Sellers have sought to recover on the note, not on the contract. That the note might have been given in payment for a contract for sale is not relevant in this action_ Buyers, by signing a negotiable note, made a separate promise.... This separate promise gives rise to a separate remedy on the note[.]

Id. at 376 (internal citations omitted). We determined that a six-year statute of limitation applied per SDCL 57-8-1:

Remedies for breach of any obligation or promise collateral or ancillary to a contract for sale are not impaired by the provisions of chapters 57-2 to 57-8, [UCC Article 2] inclusive.

Id. at 377. Because the note was an “obligation or promise collateral or ancillary to” the contract for sale, we held that Article 2 did not apply.

[¶ 22.] Here, Gary’s parents are seeking to enforce the promises Geralyn made in the stipulations as part of her divorce. They are not suing on the underlying transaction. SDCL 57A-2-701 provides: “Remedies for breach of any obligation or promise collateral or ancillary to a contract for sale are not impaired by the provisions of this chapter.” Obviously, the stipulations here were collateral and/or ancillary to the underlying transactions. Therefore, the action is not barred by Article 2 of the UCC.

[¶ 23.] Additionally, this court has held:
[I]n South Dakota, when one of two statutes of limitations may be applicable, such application should always be tested by the nature of the allegations in the complaint, and if there is any doubt as to which statute applies, such doubt should be resolved in favor of the longer limitation period.

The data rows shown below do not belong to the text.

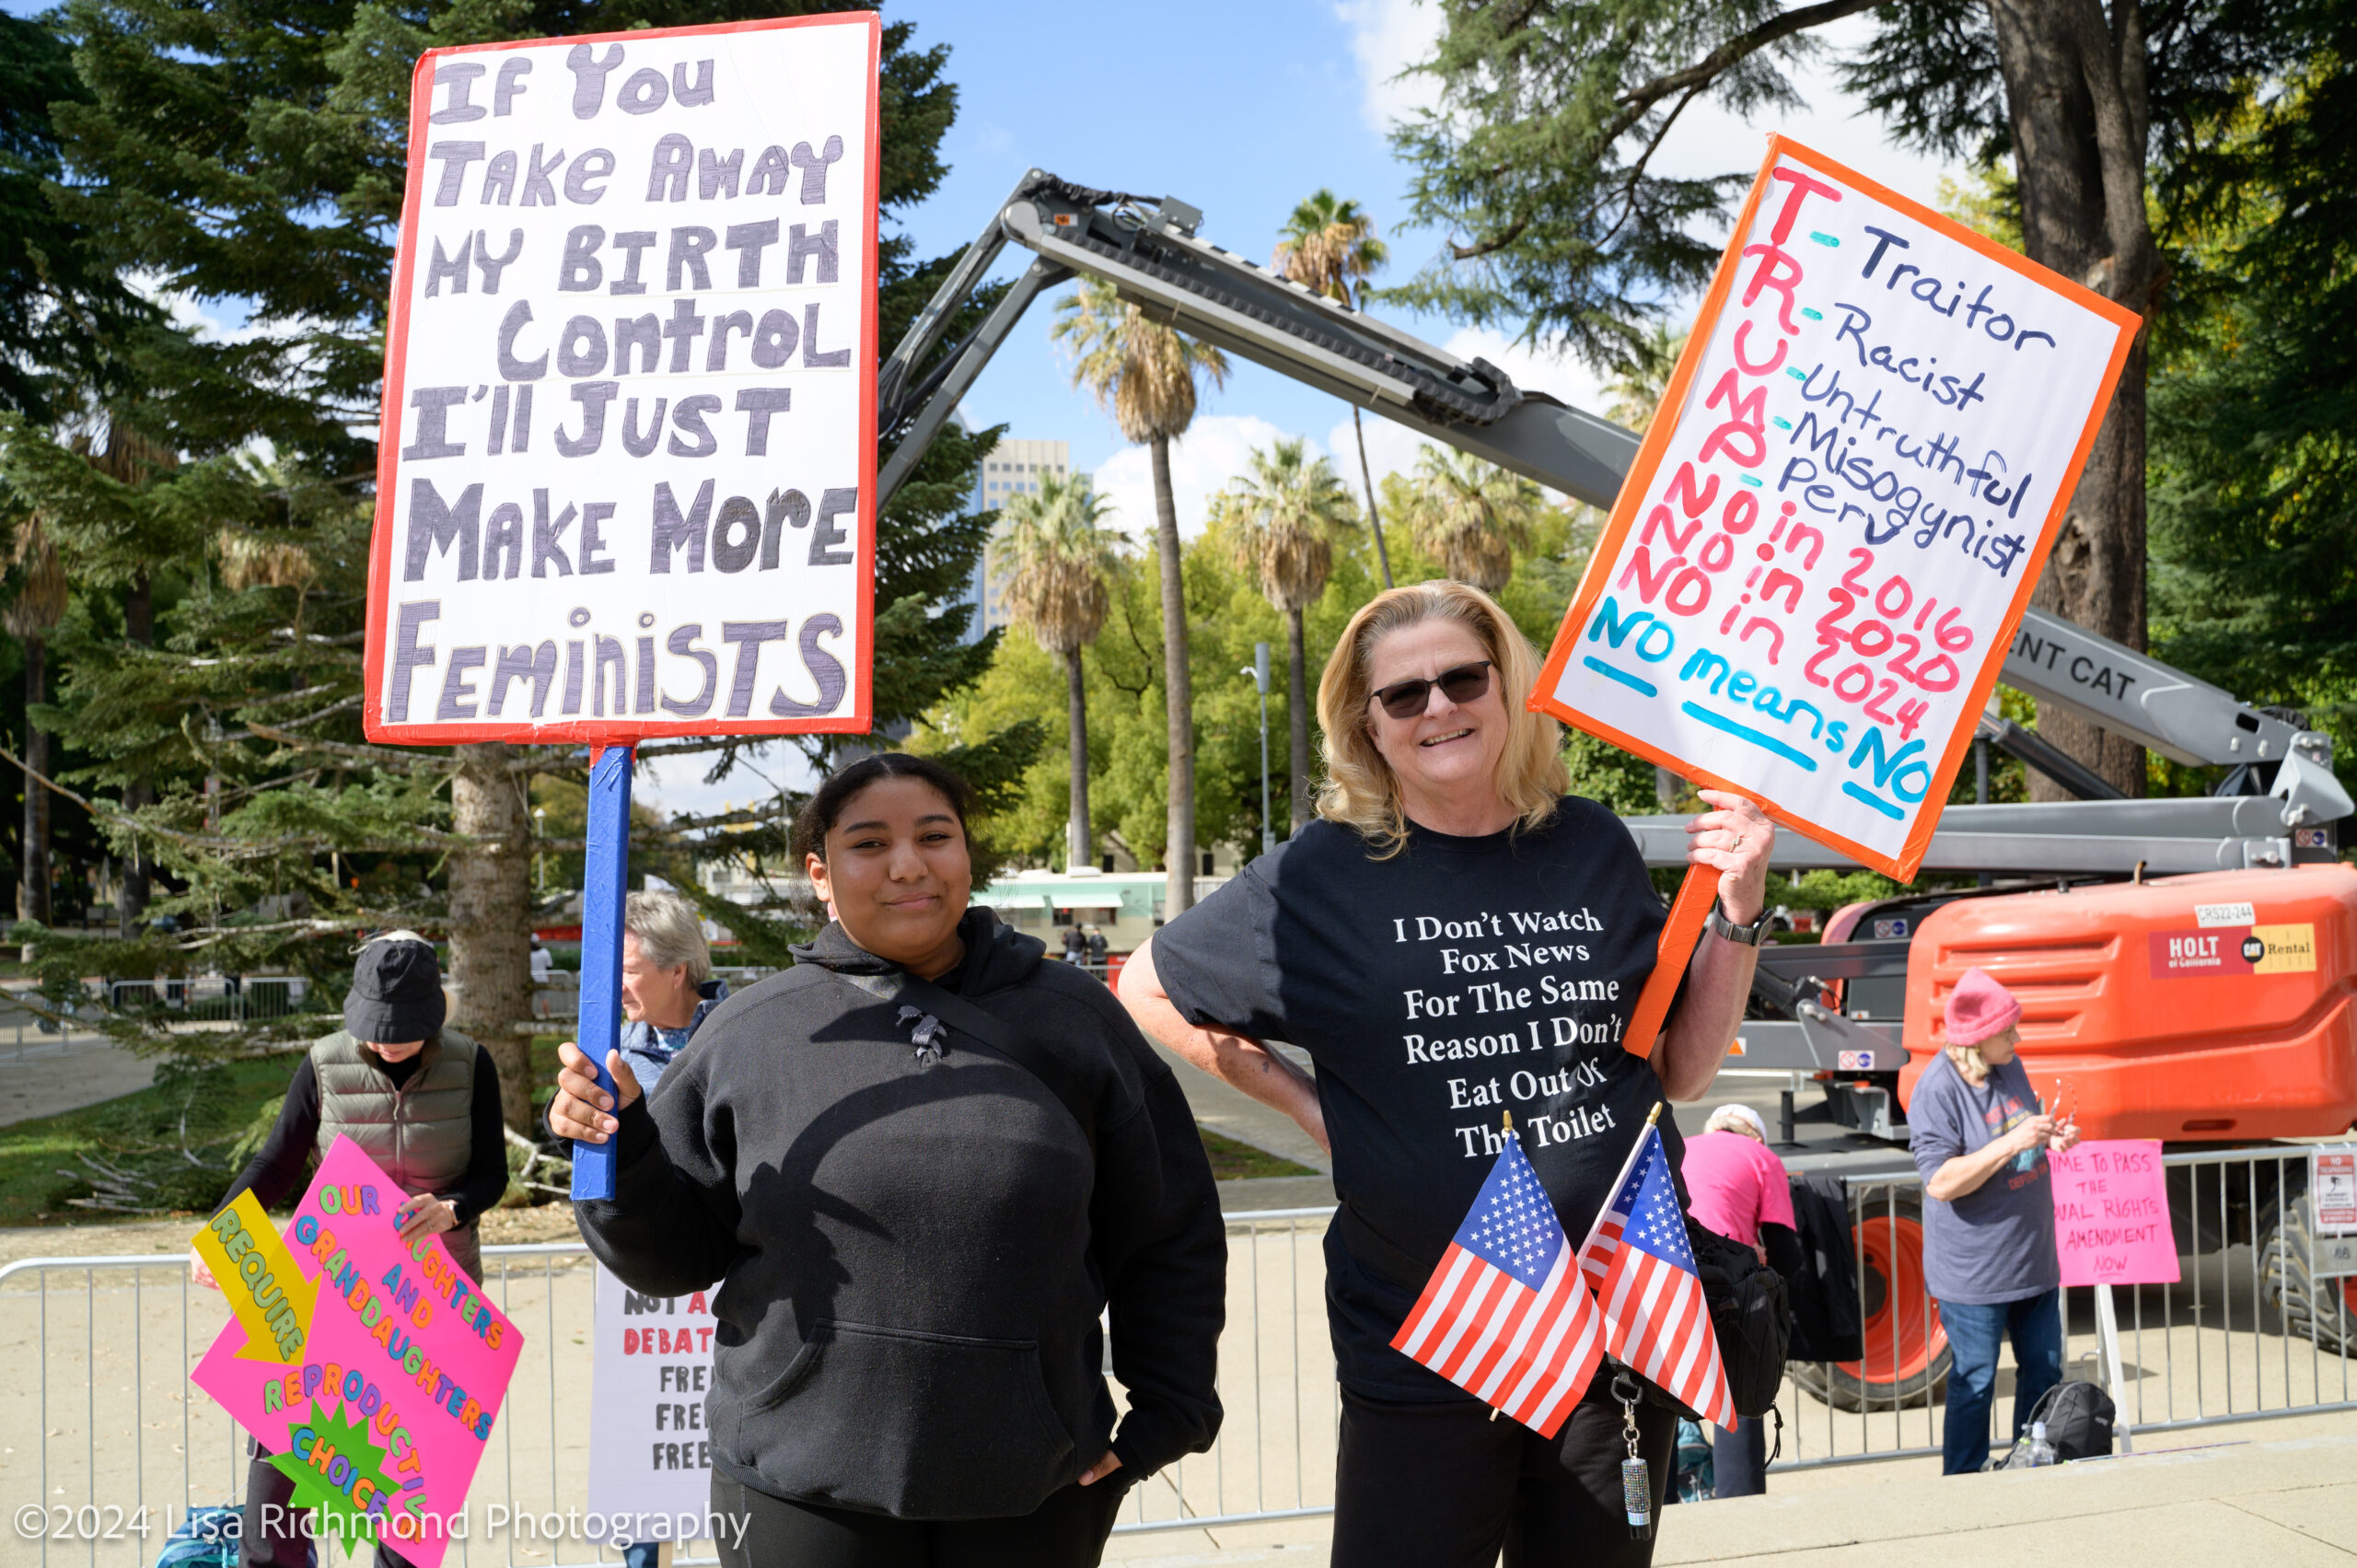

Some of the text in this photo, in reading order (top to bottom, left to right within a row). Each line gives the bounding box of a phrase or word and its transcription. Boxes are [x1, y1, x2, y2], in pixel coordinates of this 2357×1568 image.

[424, 217, 839, 298] MY BIRTH
[1864, 225, 2057, 352] Traitor
[1834, 301, 1986, 412] Racist
[1800, 363, 2032, 518] Untruthful
[1789, 411, 2026, 578] Misogynist
[403, 477, 617, 583] MAKE
[1768, 500, 1825, 571] in
[1840, 546, 1975, 654] 2016
[1745, 541, 1805, 614] in
[1815, 587, 1962, 693] 2020
[1719, 592, 1785, 665] in
[1804, 633, 1931, 741] 2024
[2009, 628, 2136, 701] NT CAT
[1678, 647, 1850, 753] means
[1392, 907, 1605, 943] I Don't Watch
[2198, 905, 2253, 922] CRS22-244
[1440, 943, 1591, 974] Fox News
[2168, 935, 2220, 958] HOLT
[2179, 957, 2222, 969] California
[2243, 942, 2311, 957] CAT Rental
[1403, 975, 1620, 1020] For The Same
[1402, 1013, 1622, 1065] Reason I Don't
[1446, 1077, 1504, 1109] Eat
[1510, 1066, 1573, 1102] Out
[1527, 1103, 1618, 1148] Toilet
[2090, 1153, 2109, 1174] TO
[2112, 1152, 2153, 1174] PASS
[319, 1184, 383, 1217] OUR
[2075, 1179, 2107, 1195] THE
[2064, 1223, 2159, 1252] AMENDMENT
[210, 1207, 306, 1363] REQUIRE
[393, 1201, 504, 1352] UGHTERS
[2094, 1255, 2129, 1273] NOW
[381, 1263, 434, 1330] AND
[687, 1290, 708, 1315] A
[295, 1214, 493, 1443] GRANDDAUGHTERS
[623, 1327, 714, 1356] DEBAT
[660, 1365, 714, 1393] FRE
[656, 1402, 709, 1432] FRE
[292, 1426, 389, 1526] CHOICE

Morgan v. Baldwin, 450 N.W.2d 783, 786 (S.D.1990). Here, the complaint alleges that Geralyn is indebted to Gary’s parents for $42,306.67 based on the stipulations. The complaint does not allege that the debt arises out of a sale of goods, instead, it specifically alleges that the debt arises from the stipulations. In following what we stated in O’Neill and Morgan, the longer statute of limitation of six years applies.

[¶ 24.] Therefore, I vote to reverse and remand the trial court’s grant of summary judgment to Geralyn.

[¶ 25.] GILBERTSON, Justice, joins this dissent. 
      
      . SDCL 15-2-13 provides in pertinent part:
      Except where, in special cases, a different limitation is prescribed by statute, the following civil actions other than for the recovery of real property can be commenced only within six years after the cause of action shall have accrued:
      (1) An action upon a contract, obligation, or liability, express or implied!.]
     
      
      . SDCL 57A-2-725 provides in part:
      (1) An action for breach of any contract for sale must be commenced within four years after the cause of action has accrued.
      (2) A cause of action accrues when the breach occurs, regardless of the aggrieved party’s lack of knowledge of the breach.
     
      
      . Because of our disposition of this issue, we need not address Geralyn’s argument regarding John and Joann’s failure to state a claim upon which relief can be granted.